Programmers are DJs

Sorin Dolha
2 min readAug 14, 2019
Photo by Krys Amon on Unsplash

I was a kid when I’ve got my first computer. I loved working with BASIC, later Pascal, and even C (if writing small programs can be called work.)

I did have a few games too on the 40 MB drive, but my dad and my neighbors were mostly playing them — not me. My personal passion was to create miscellaneous small executables (or “interpretables”) myself, and I couldn’t wait to show them to other people. Once I wrote a program for my dad to help him with keeping track of bills for the building block we lived.
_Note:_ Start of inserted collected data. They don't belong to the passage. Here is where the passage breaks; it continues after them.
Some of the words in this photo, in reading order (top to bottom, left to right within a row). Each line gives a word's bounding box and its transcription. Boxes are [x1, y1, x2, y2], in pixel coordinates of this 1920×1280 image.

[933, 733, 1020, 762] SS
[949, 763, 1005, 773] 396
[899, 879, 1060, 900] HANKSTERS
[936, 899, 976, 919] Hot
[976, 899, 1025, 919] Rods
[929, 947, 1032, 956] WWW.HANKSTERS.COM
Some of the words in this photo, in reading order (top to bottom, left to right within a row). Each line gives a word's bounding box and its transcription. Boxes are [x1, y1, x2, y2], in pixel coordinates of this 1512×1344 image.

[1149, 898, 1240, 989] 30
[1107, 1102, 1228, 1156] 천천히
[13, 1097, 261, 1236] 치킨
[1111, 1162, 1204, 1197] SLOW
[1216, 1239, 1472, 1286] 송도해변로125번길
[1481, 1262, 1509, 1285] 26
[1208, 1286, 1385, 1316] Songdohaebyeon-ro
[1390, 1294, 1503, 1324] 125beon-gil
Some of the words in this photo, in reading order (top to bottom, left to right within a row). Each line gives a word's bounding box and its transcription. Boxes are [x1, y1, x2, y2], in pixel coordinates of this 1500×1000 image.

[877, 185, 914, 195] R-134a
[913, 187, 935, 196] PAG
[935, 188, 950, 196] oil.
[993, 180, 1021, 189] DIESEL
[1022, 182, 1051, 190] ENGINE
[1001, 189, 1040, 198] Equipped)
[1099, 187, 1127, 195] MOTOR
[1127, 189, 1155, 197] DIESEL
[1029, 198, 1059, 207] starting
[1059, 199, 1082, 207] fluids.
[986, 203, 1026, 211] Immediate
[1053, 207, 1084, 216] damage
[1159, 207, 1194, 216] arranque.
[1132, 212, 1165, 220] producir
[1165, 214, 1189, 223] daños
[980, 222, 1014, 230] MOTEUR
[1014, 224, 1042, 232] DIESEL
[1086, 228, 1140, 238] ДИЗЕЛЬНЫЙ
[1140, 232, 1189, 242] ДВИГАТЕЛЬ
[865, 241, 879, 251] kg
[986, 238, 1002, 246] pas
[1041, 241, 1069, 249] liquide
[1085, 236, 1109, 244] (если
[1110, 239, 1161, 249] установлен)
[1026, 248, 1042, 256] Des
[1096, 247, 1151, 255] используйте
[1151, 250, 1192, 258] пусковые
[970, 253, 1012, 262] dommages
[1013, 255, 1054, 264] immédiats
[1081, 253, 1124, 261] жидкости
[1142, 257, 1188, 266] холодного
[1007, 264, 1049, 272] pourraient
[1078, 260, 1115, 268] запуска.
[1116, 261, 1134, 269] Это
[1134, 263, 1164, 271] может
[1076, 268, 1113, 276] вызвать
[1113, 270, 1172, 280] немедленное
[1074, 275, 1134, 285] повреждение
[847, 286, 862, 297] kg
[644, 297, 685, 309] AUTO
Usually people said “wow”, maybe they even used my “software” a bit, but sure, then they always went back to their beloved games. But I was never upset. Even that they ran other authors’ applications more. I think this was because I always felt part of that very same group: I was a developer too!

And I could truly empathize with all other programmers — being a software creator was (and still is) the best feeling ever for me, overriding anything else!

Anyway, being a programmer — therefore a geek — also meant I wasn’t very popular at parties. But moreover, unlike many of my colleagues (some even less popular), I couldn’t have fun when a DJ played some music at such an event. Don’t get me wrong, the music itself was probably good (I always liked a lot of genres), I just couldn’t consume it properly. When I was around other consumers…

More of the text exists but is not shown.